Were the film rights sold right away? Sally Hemings has been in movie option for over 20 years. Even before it was published, it was sold to CBS for a miniseries. This really upset the Jeffersonians. As long as the debate over Hemings stayed in academia, they could deal with it. They never would have tried to stop a book, but they felt they had every right to interfere with a film, which would have surely stirred public discussion on a much wider scale, and Hemings would no longer be able to occupy this realm of invisibility they had imposed on her.

What happened to the miniseries? I believe there was a conspiracy to force CBS to cancel. A network executive kept the Jeffersonians informed as to the progress of the project and eventually helped them launch a campaign against it. The miniseries was in preproduction when suddenly the head of the CBS movie section was fired. It was canceled soon afterward. Another company came along right away and took up the option. This has been going on for two decades. Actually the story is in option now as a musical, but for the first time in 20 years the film rights are available.

Even today I think the Jeffersonians would put up a bitter fight against me having control of the visual image of Hemings, though my book has been called the definitive portrait of Hemings.

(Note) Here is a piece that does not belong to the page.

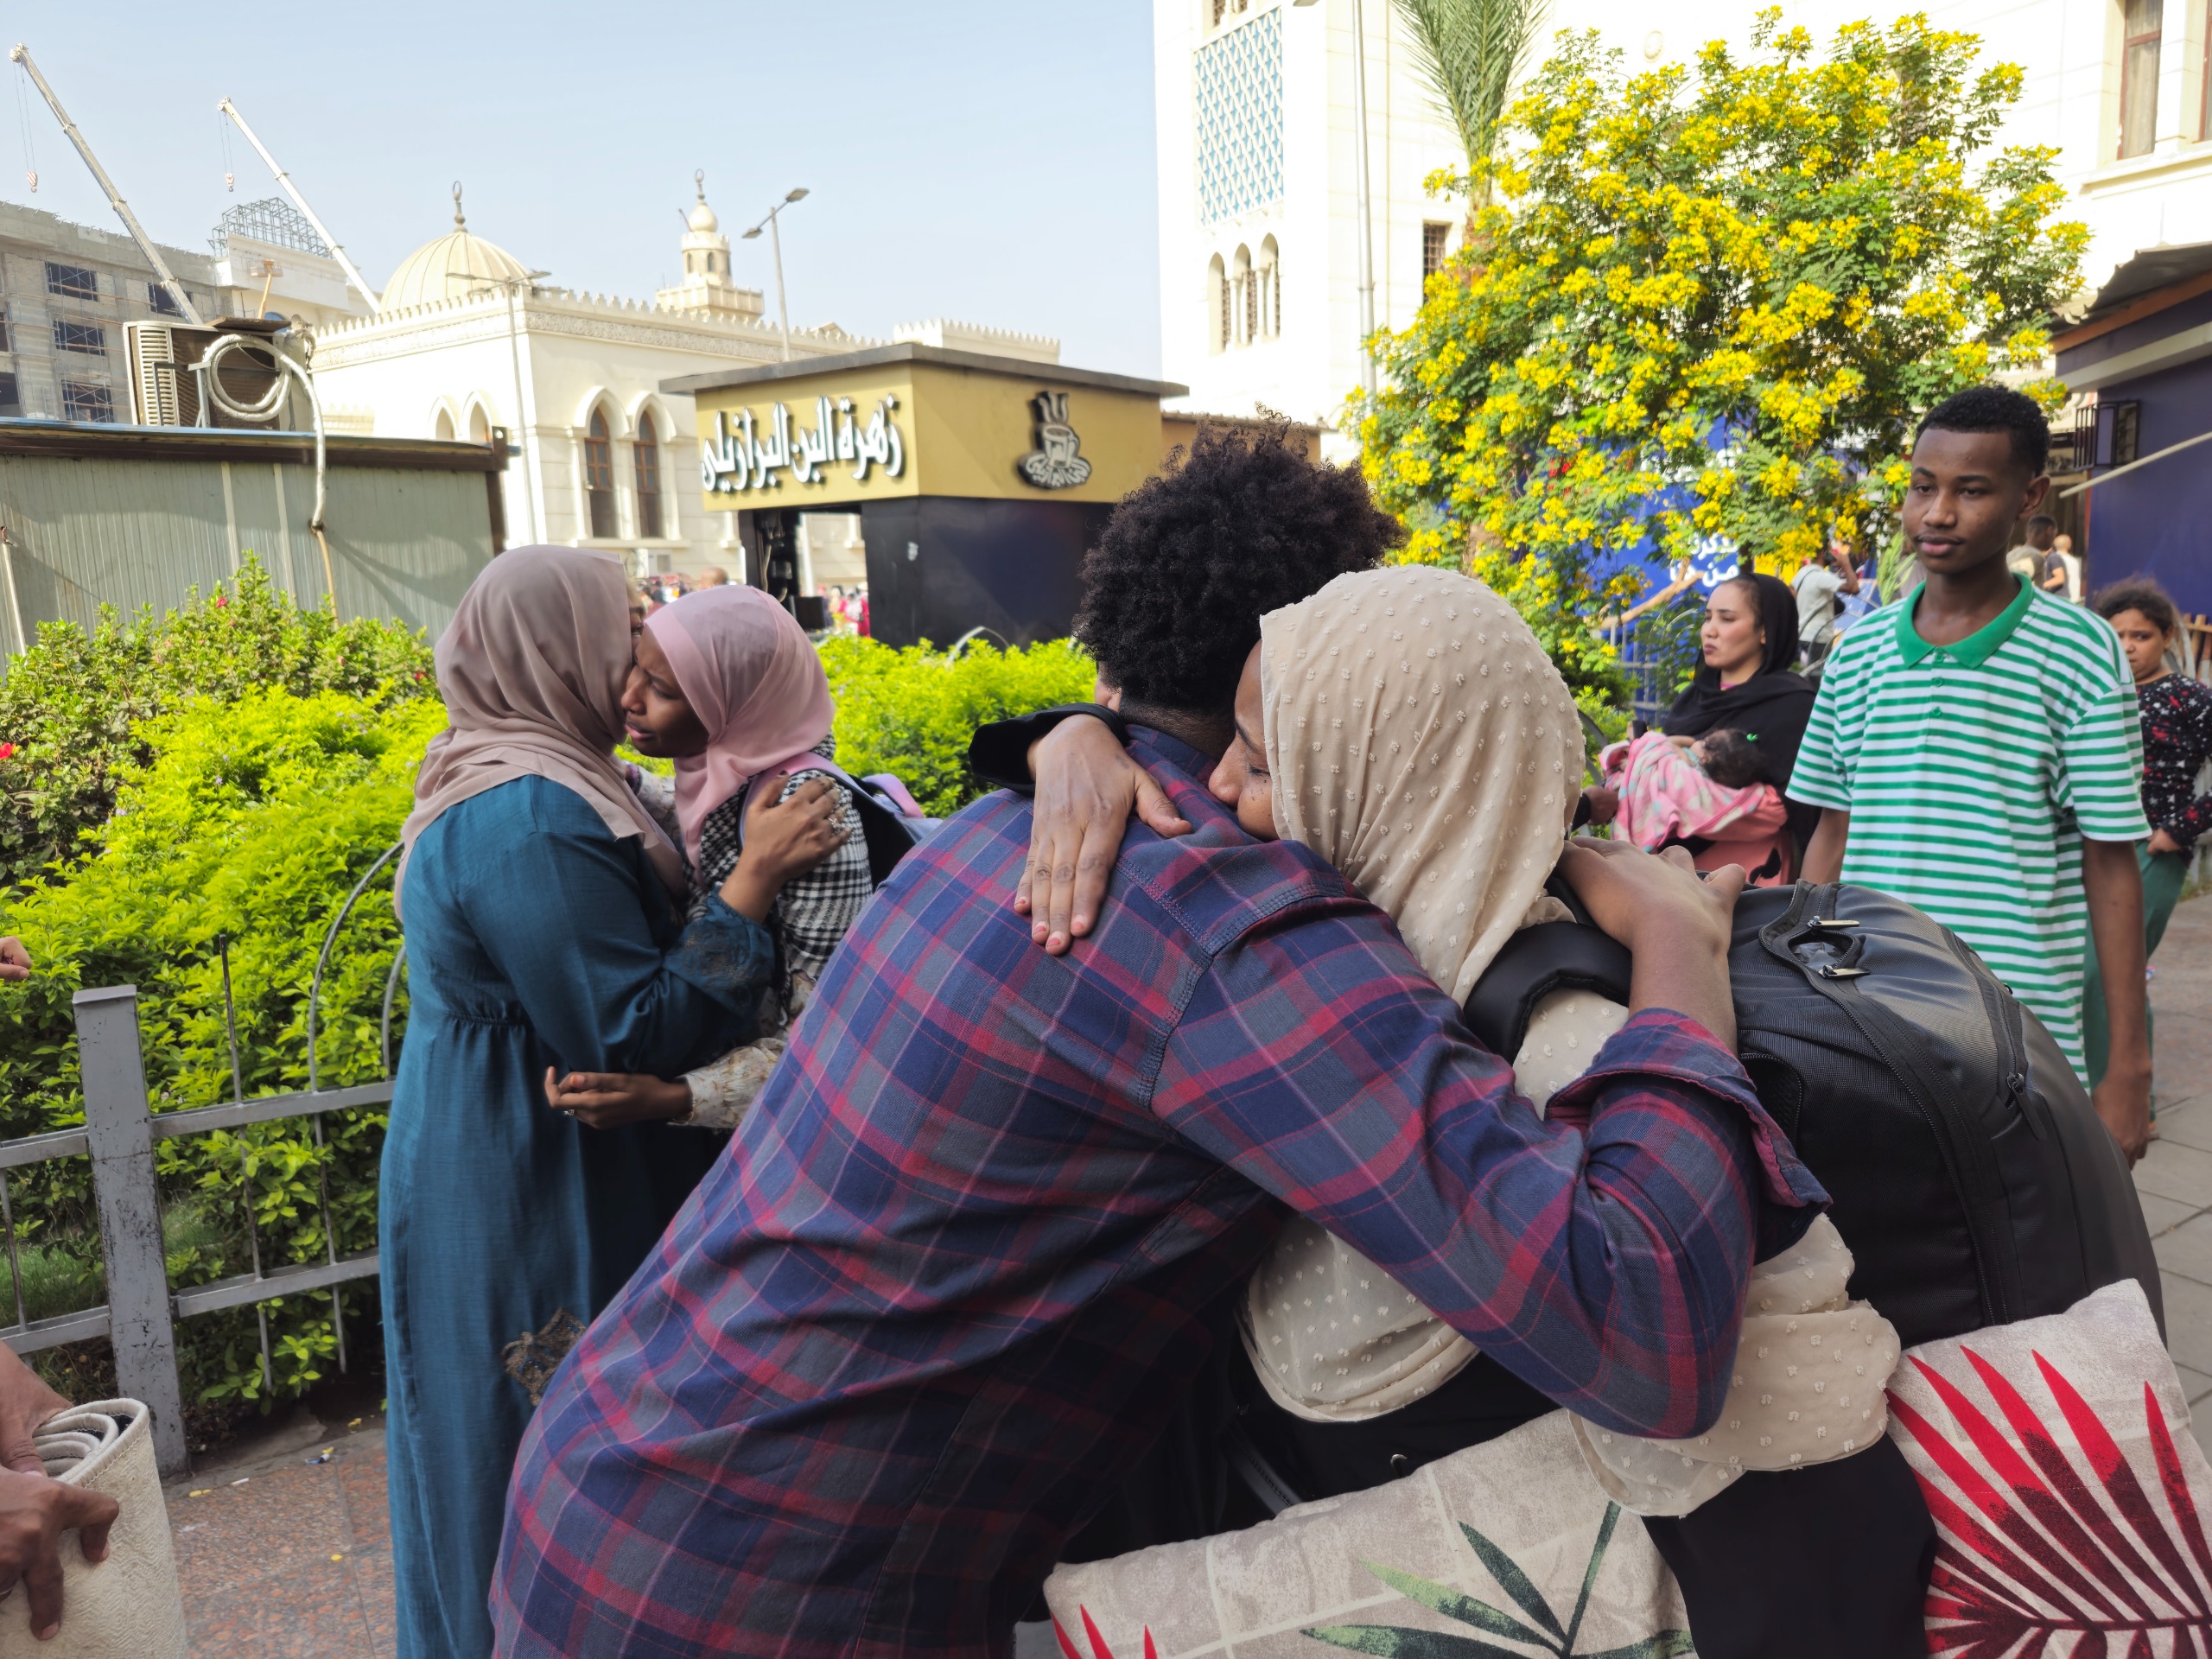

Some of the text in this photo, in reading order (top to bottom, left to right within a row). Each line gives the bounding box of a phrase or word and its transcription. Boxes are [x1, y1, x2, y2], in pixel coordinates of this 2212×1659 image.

[791, 395, 836, 484] البن
[837, 393, 902, 480] زهرة
[1701, 562, 1740, 588] من

Americans have short memories, dictated, in particular, by visual media. We believe the movies. We always have and we always will. So a movie of Sally Hemings is still the most dangerous of all representations we could have of her.

That DNA tests were done at all can be traced back to the public debate generated by your book. So why haven’t you been quoted in the recent news coverage? I don’t think it’s because everyone has amnesia. And I don’t think it’s because I live outside the country. There is a political reason my point of view has been ignored. I have always posited the Hemings-Jefferson relationship in a complex, ambiguous way. It’s easy to fall back on stereotypes and see her as the powerless slave and him as the exploiter. But the image I projected is not this black and white. She is neither rape victim nor Angela Davis, and Jefferson isn’t hero or villain. Everything about their story is a shade of gray. And it’s not just whites who are uncomfortable with this picture, but blacks as well.

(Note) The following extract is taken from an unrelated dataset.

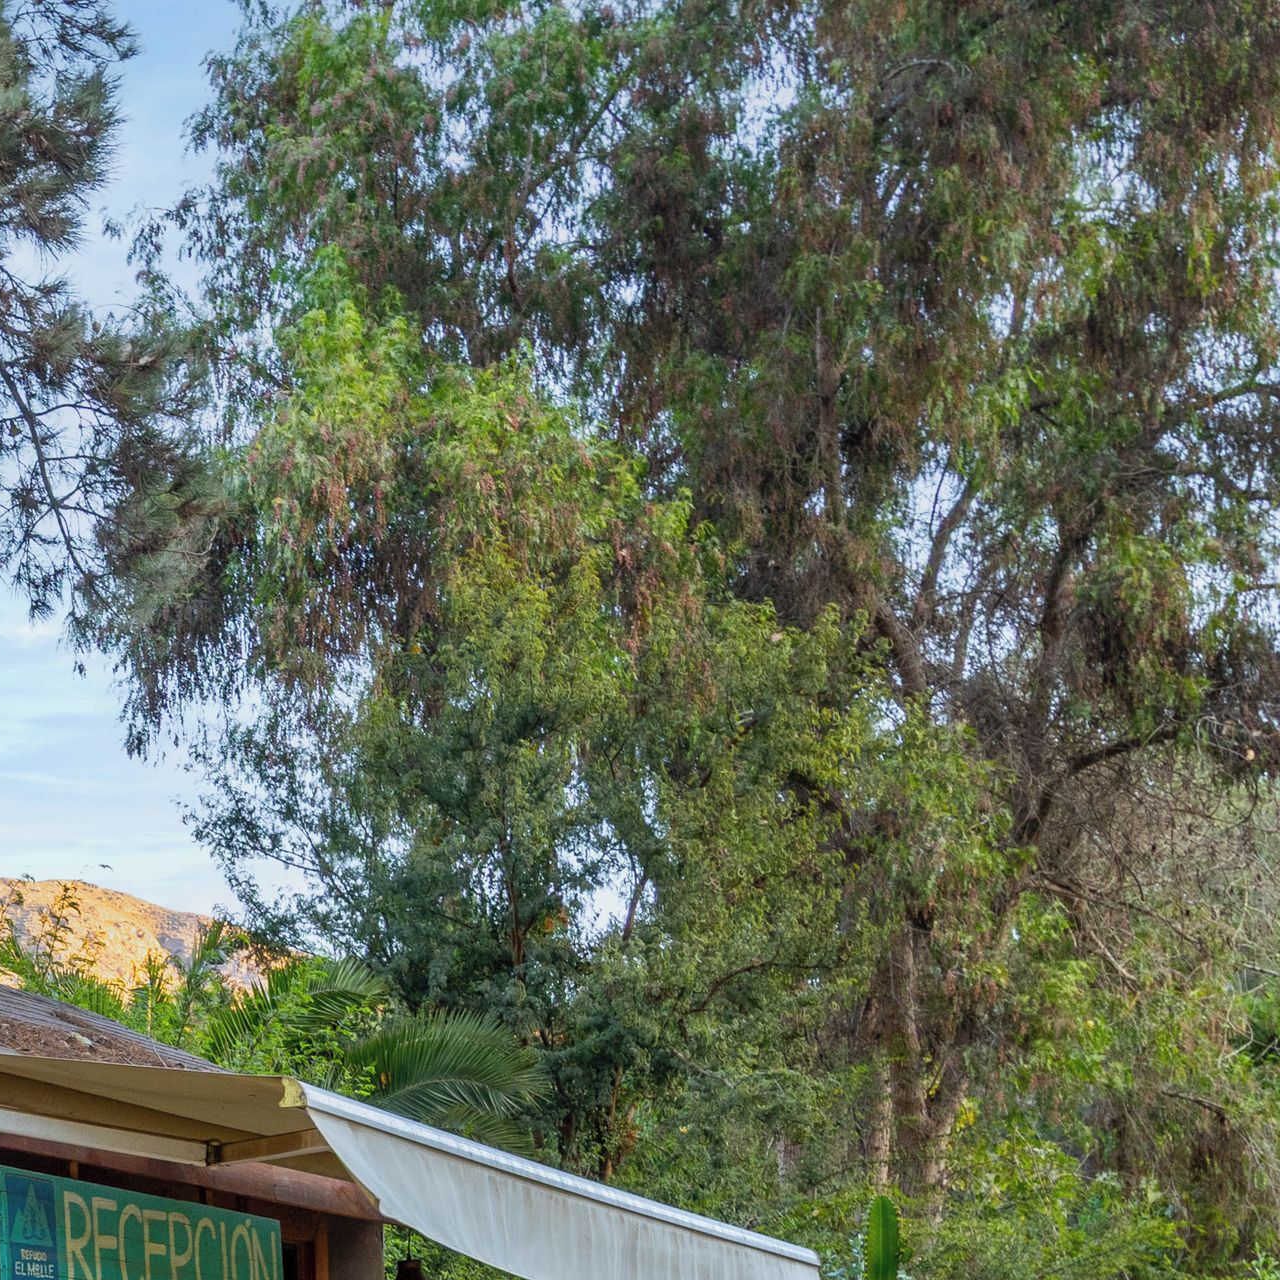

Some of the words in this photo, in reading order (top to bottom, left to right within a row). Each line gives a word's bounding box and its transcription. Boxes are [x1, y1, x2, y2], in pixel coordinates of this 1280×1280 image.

[20, 1248, 48, 1262] REFUGIO
[15, 1261, 27, 1276] EL
[27, 1262, 55, 1279] MOLLE

Do the DNA findings offer any symbolism as we near the millennium? The story of Jefferson and Hemings embodies the love-hate relationship that exists between white and black Americans, and this intimate and almost Shakespearean interaction began with the invention of America itself. If we don’t come to terms with this relationship, we can’t come to terms with anything. It’s the amalgam Hemings and Jefferson represent that upsets old-guard historians so much. They’re delighted there’s something called “black history” because it gets them off the hook. But the story of whites and blacks in America is not two separate histories, but intimately entwined, and Hemings and Jefferson symbolize this on every level.